The Department of Water and Power water policy in the Owens Valley mostly resembles the accounting methods of


The big, blue pipeline leads from Lone Pine’s town wells in the background up to the LA aqueduct.

Scrooge. So, more than a few were offended to hear that LADWP wants 577 acre feet of Inyo groundwater to “pay back” what DWP gave to Diaz Lake Park over the past six years.
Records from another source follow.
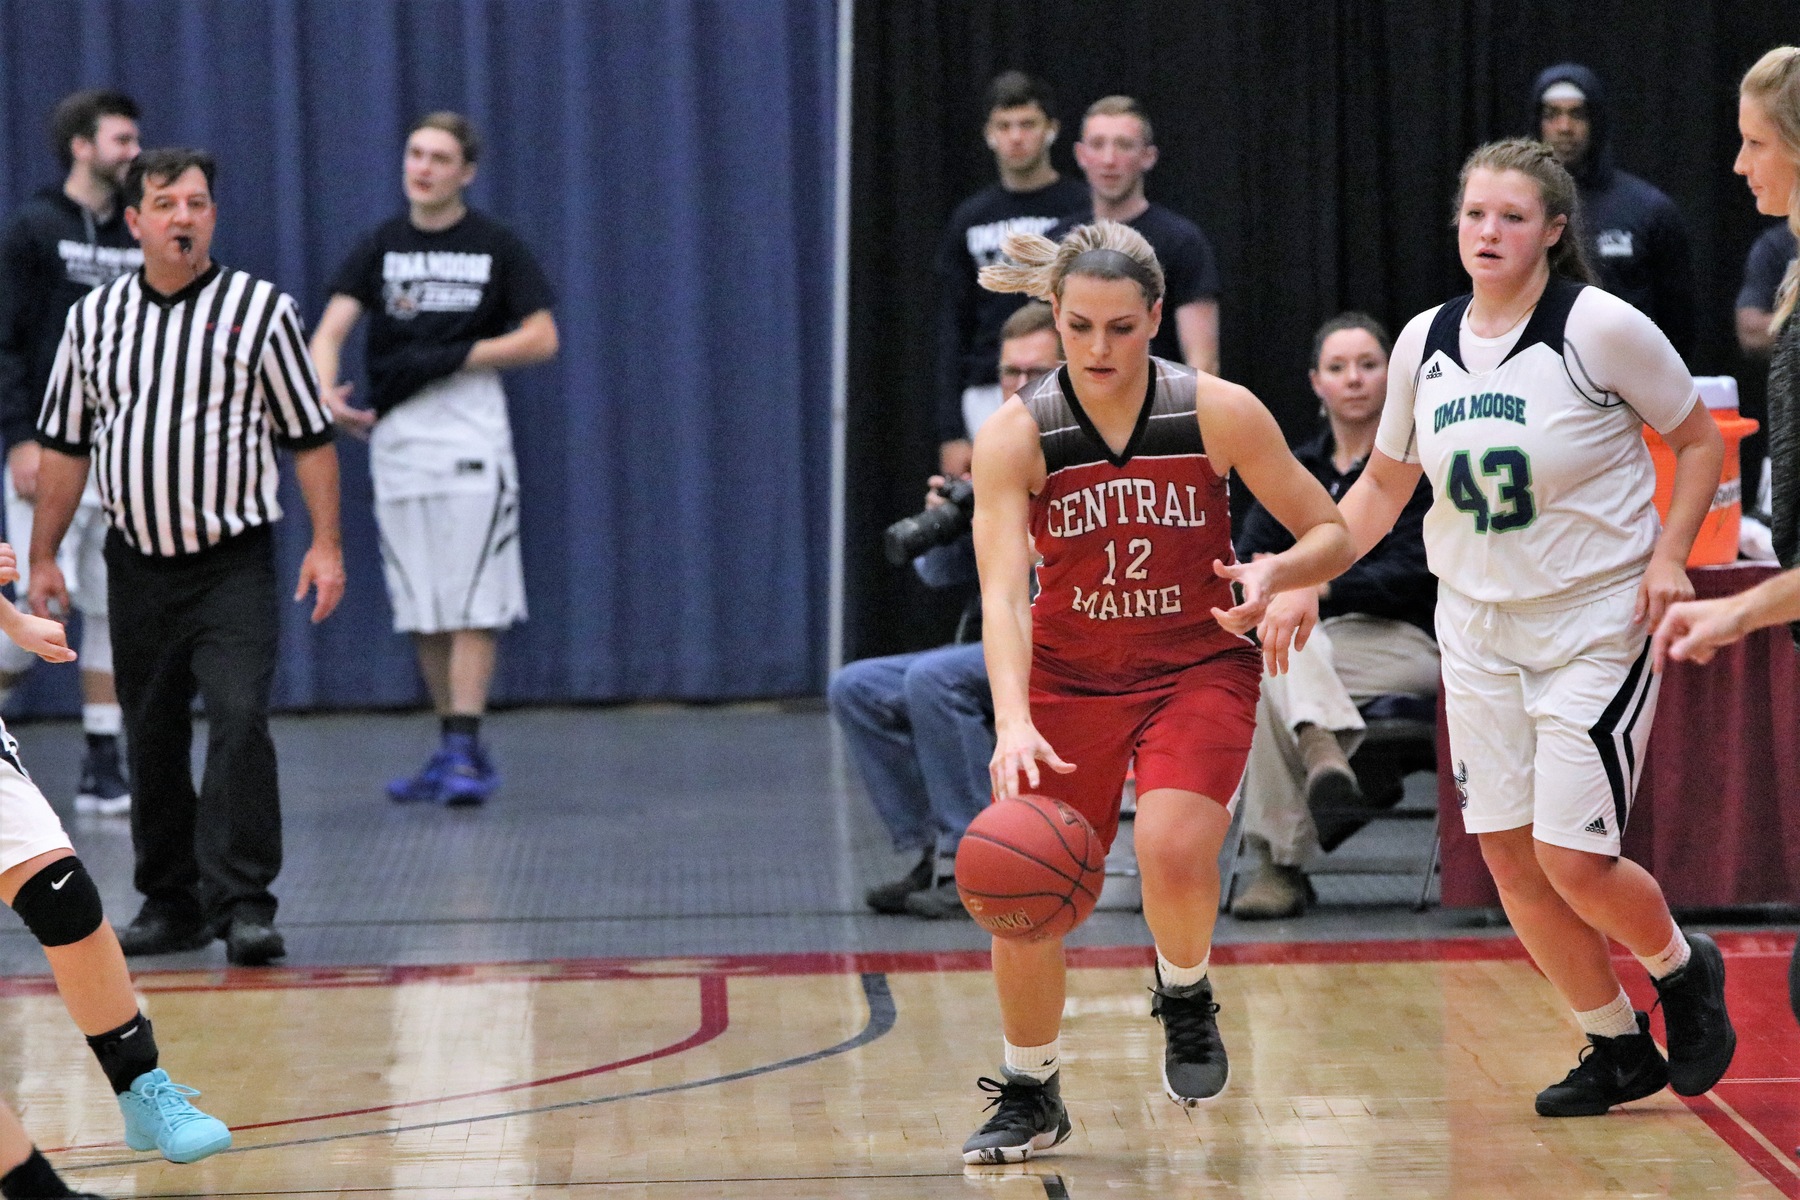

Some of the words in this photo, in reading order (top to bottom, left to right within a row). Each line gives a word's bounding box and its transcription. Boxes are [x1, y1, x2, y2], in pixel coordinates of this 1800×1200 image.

[1433, 396, 1467, 435] UMA
[1468, 392, 1527, 427] MOOSE
[1047, 477, 1206, 538] CENTRAL
[1446, 446, 1537, 535] 43
[1102, 538, 1152, 586] 12
[1072, 584, 1182, 621] MAINE
Lone Pine residents were particularly upset since the water would come from their town wells.

At Monday night’s Inyo Water Commission meeting, Mark Bagley of the Sierra Club pointed out that ten years ago, LADWP had agreed to supply 1600 acre feet of water per year for additional mitigation. 250 acre feet of that was supposed to go to Diaz Lake. LA dawdled around and only now will come across with the water next season. Bagley said technically LA owes Inyo those ten years of water.
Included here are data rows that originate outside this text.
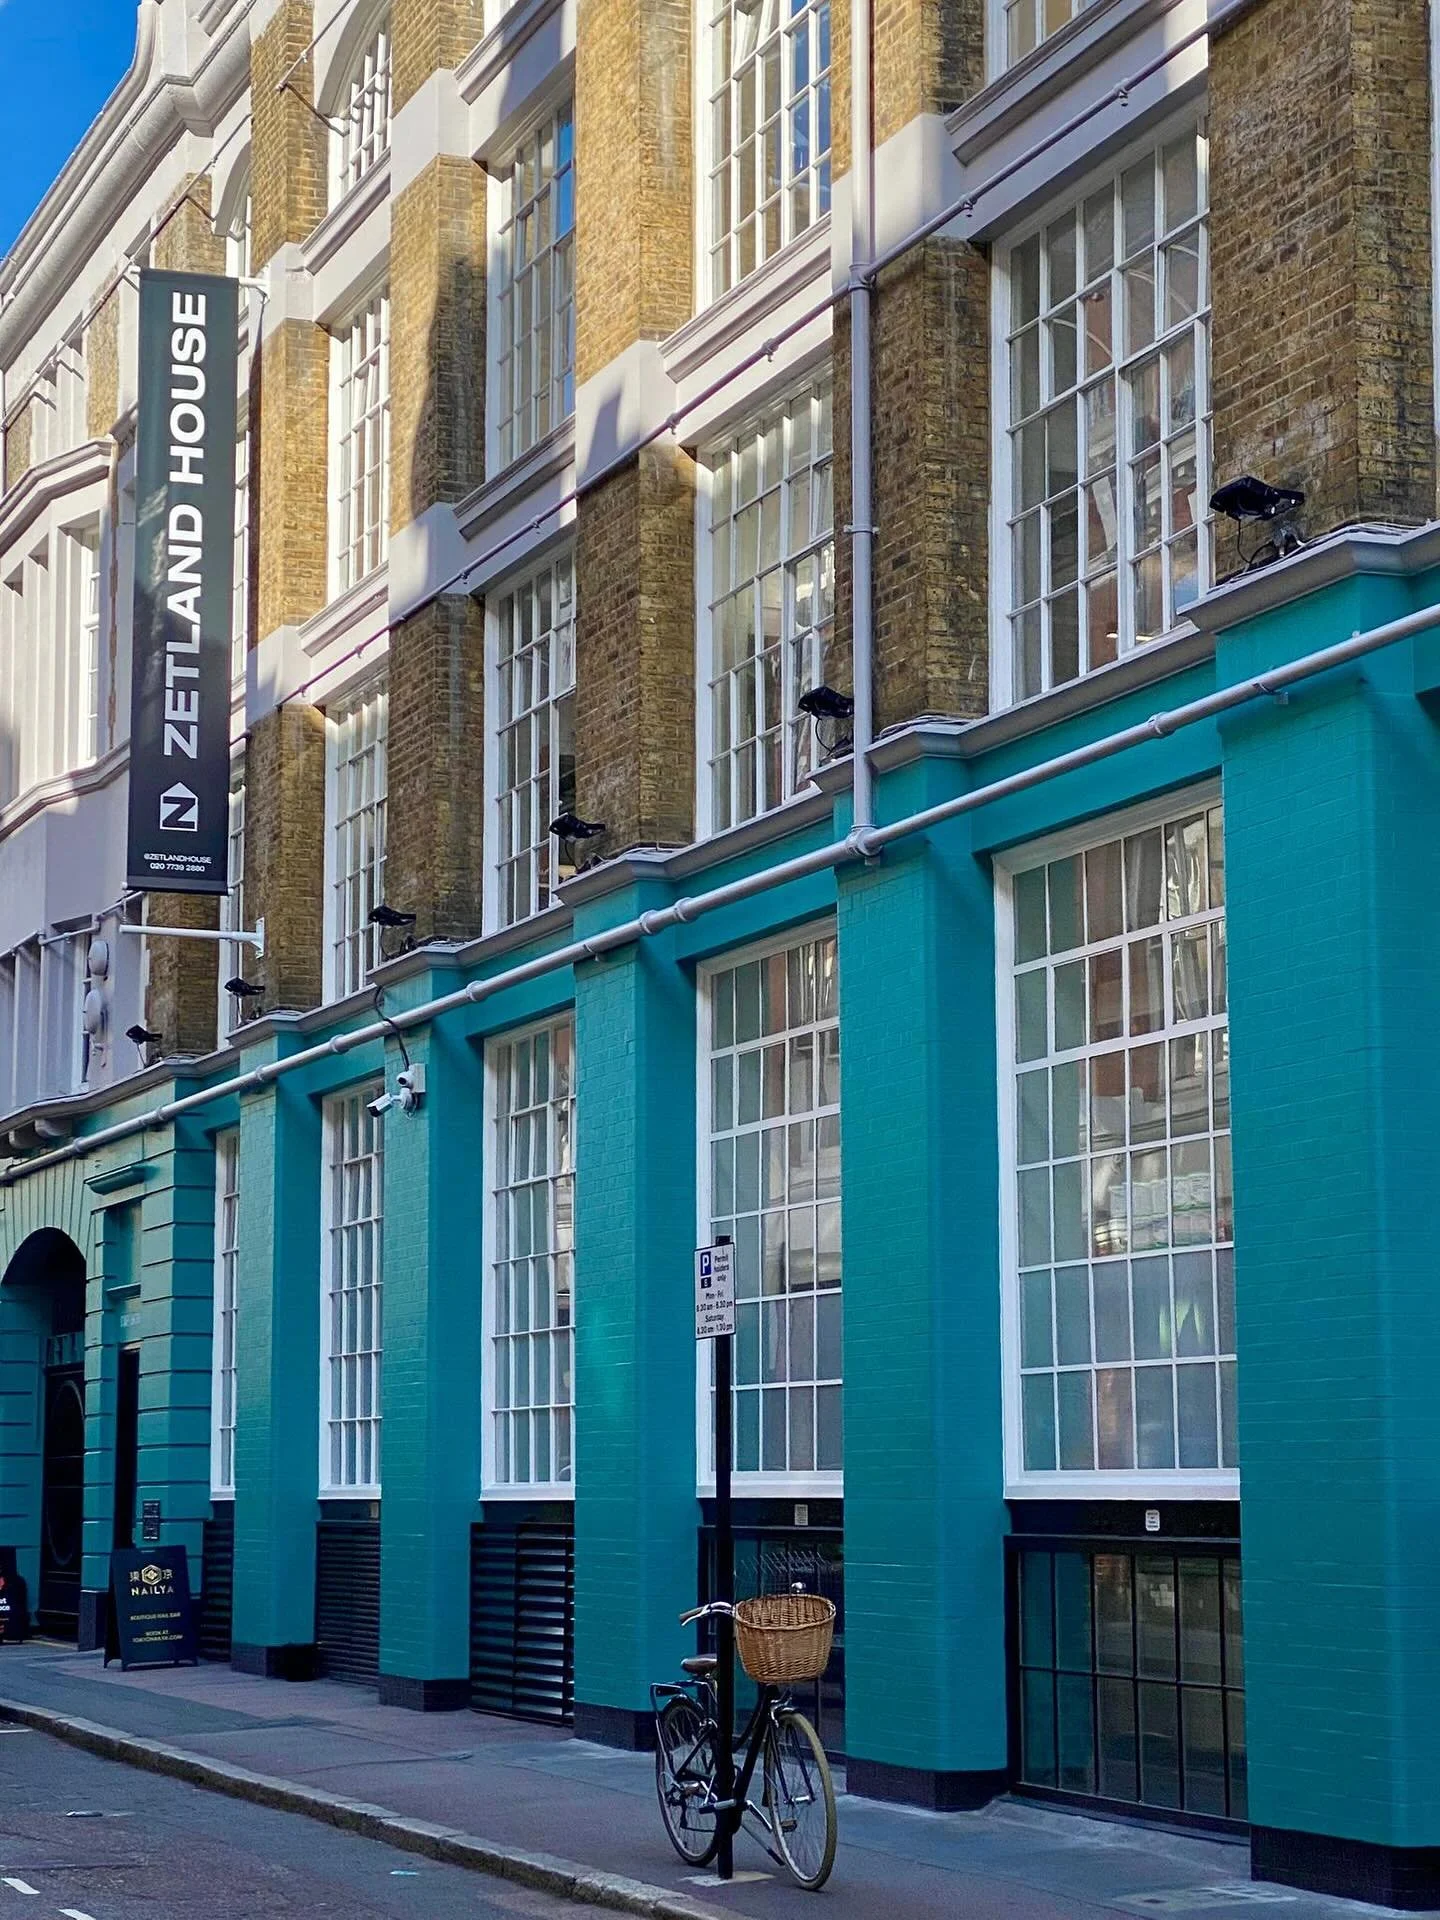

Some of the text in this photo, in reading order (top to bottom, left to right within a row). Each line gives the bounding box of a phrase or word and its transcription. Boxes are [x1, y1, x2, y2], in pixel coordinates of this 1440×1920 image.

[163, 291, 207, 759] ZETLAND HOUSE
[150, 862, 165, 870] 020
[166, 863, 185, 871] 7739
[714, 1254, 729, 1263] Permit
[702, 1254, 709, 1274] P
[713, 1263, 730, 1273] holders
[717, 1273, 726, 1282] only
[131, 1584, 174, 1596] NAILYA
Inyo County agreed to pay back the 577 acre feet of Diaz Lake water by pumping Lone Pine’s town wells. When citizens saw the several hundred yard temporary blue pipeline lead from their town wells to the aqueduct, they protested. One man pointed to the Inyo-LA Water Agreement which says at a certain point, “groundwater shall no longer be exported via the Los Angeles aqueduct from the wells supplying the lone Pine Water System.” Citizens cried violation of the agreement. Inyo disagreed.

Inyo Water Director Bob Harrington said Inyo decided to take care of the Diaz Lake “water debt” from the Lone Pine town wells which the county technically controls. Lone Pine residents point to the fact that DWP pumps have drawn down their water tables by 40 feet over the years.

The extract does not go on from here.